**Task requirements**
Could the records be returned exactly, with the pictures left out?

**Dataset content**

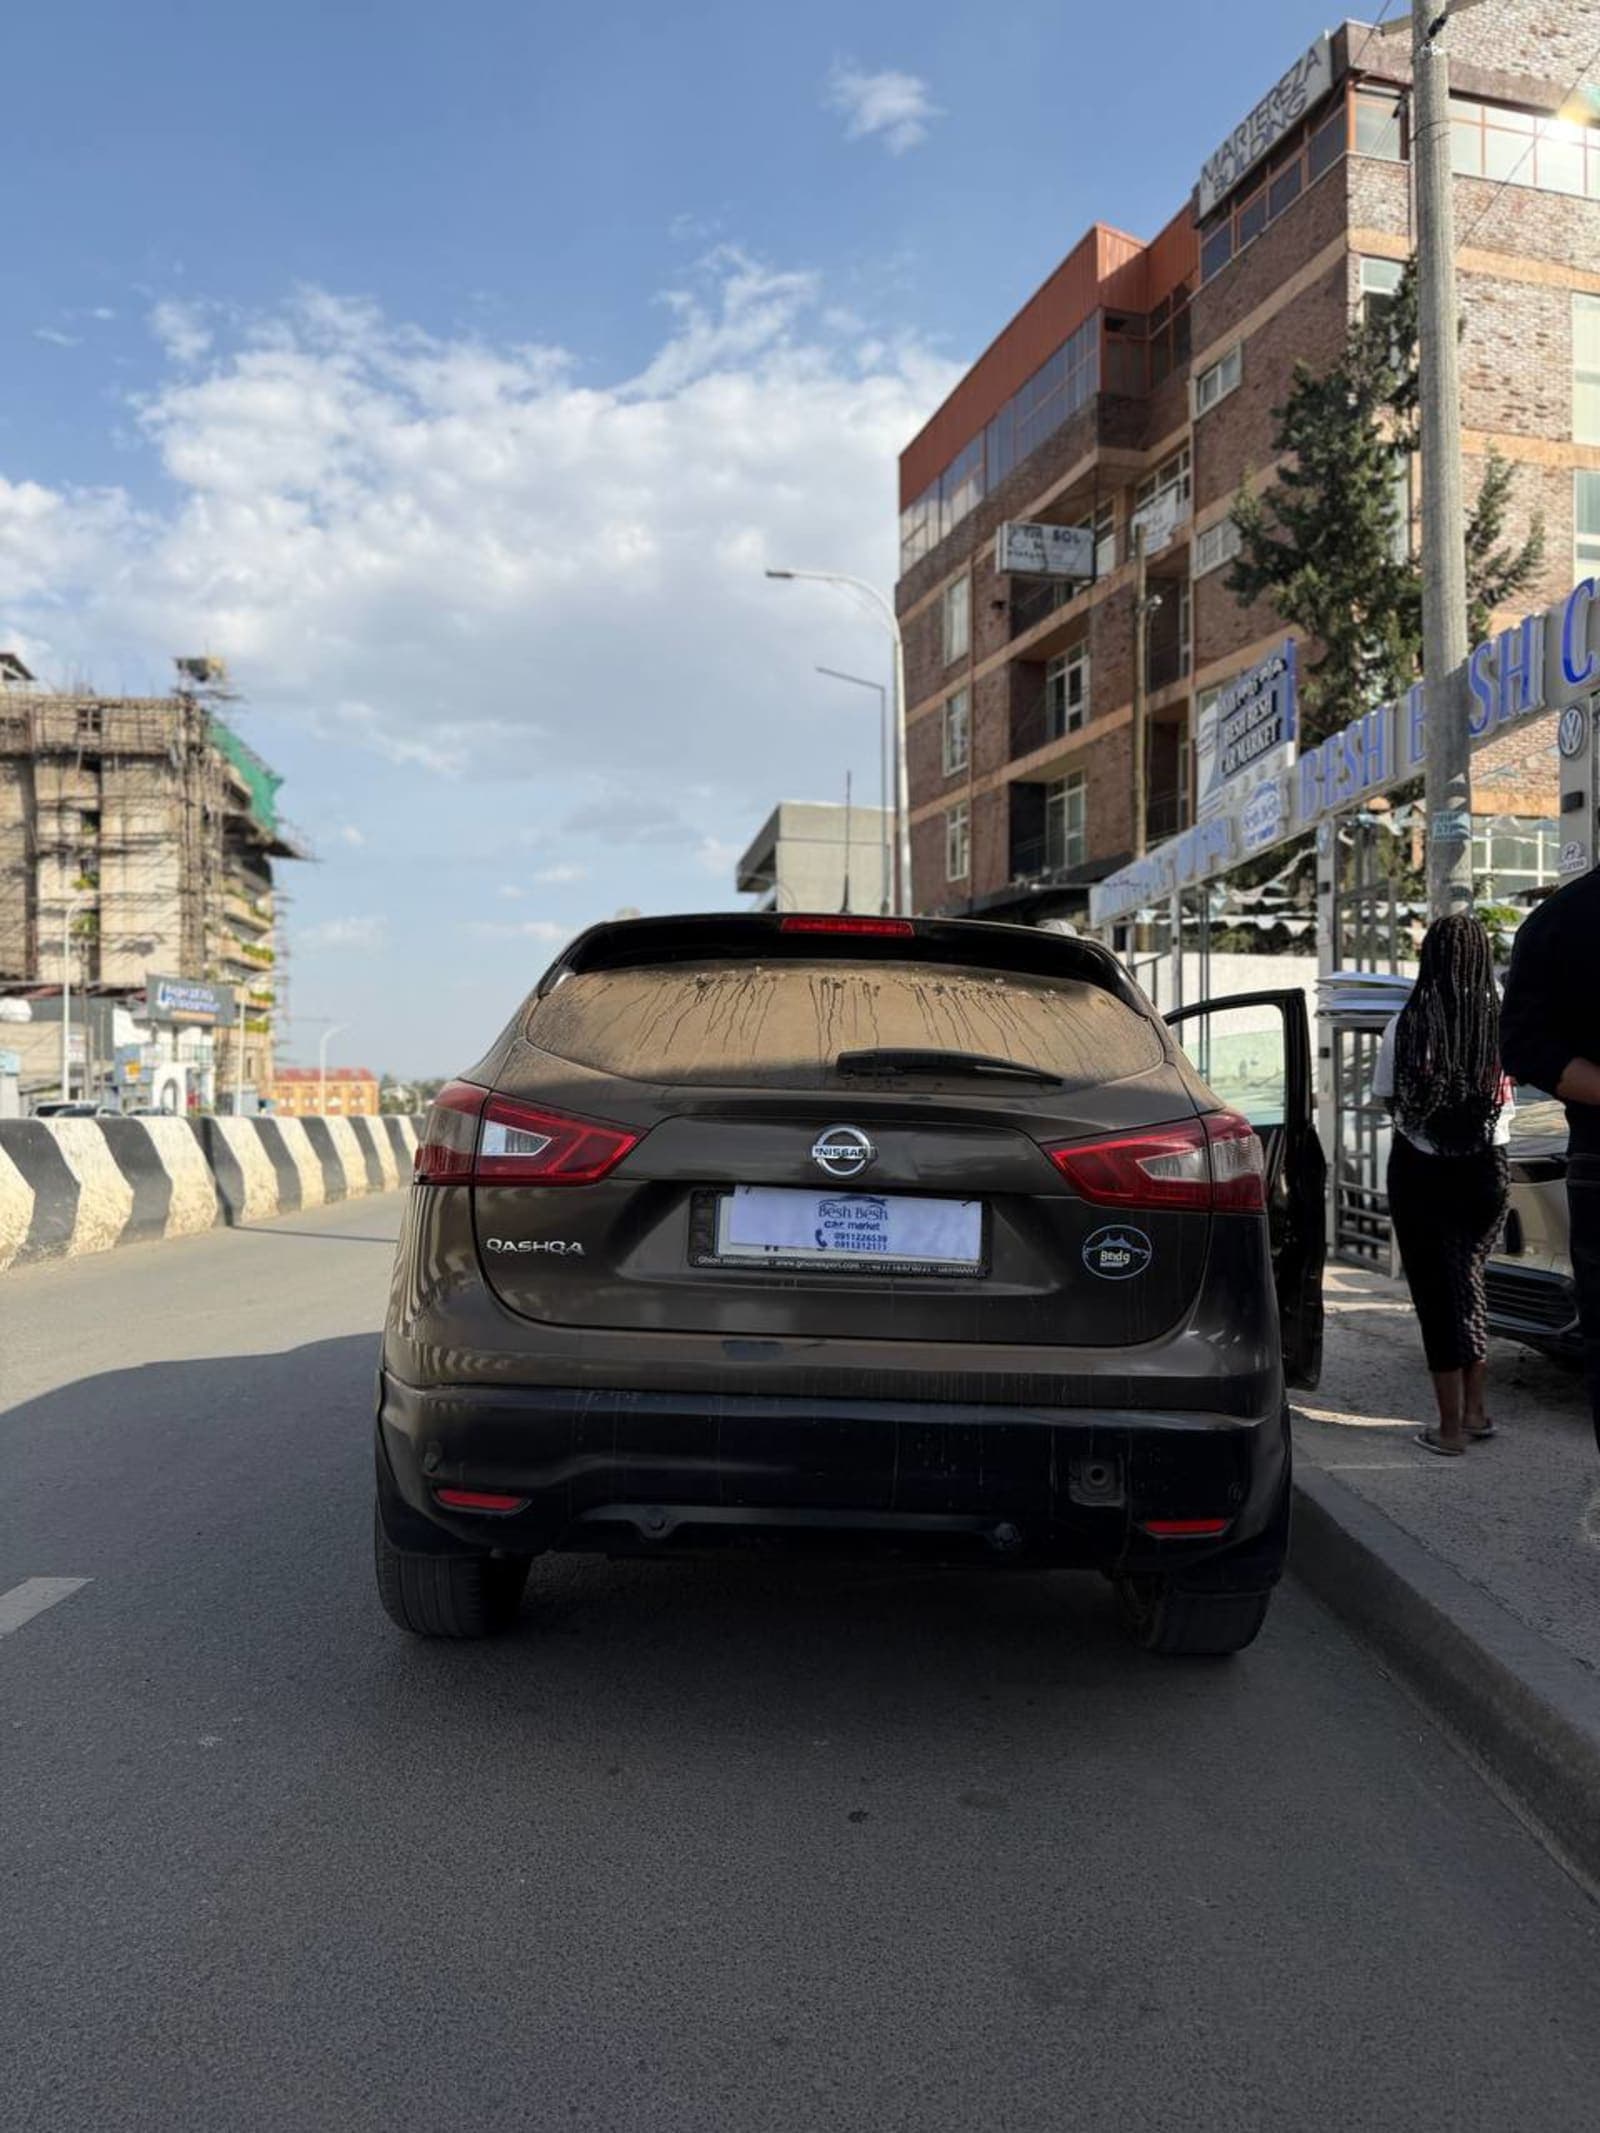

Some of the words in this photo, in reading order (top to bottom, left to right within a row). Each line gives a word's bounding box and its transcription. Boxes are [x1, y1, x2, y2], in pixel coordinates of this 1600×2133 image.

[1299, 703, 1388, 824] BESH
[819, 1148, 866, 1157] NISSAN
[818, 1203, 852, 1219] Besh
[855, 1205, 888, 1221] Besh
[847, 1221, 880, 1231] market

**Solution below**
Some of the words in this photo, in reading order (top to bottom, left to right within a row). Each line gives a word's bounding box and its transcription. Boxes are [x1, y1, x2, y2], in pixel coordinates of this 1600×2133 image.

[1299, 703, 1388, 824] BESH
[819, 1148, 866, 1157] NISSAN
[818, 1203, 852, 1219] Besh
[855, 1205, 888, 1221] Besh
[847, 1221, 880, 1231] market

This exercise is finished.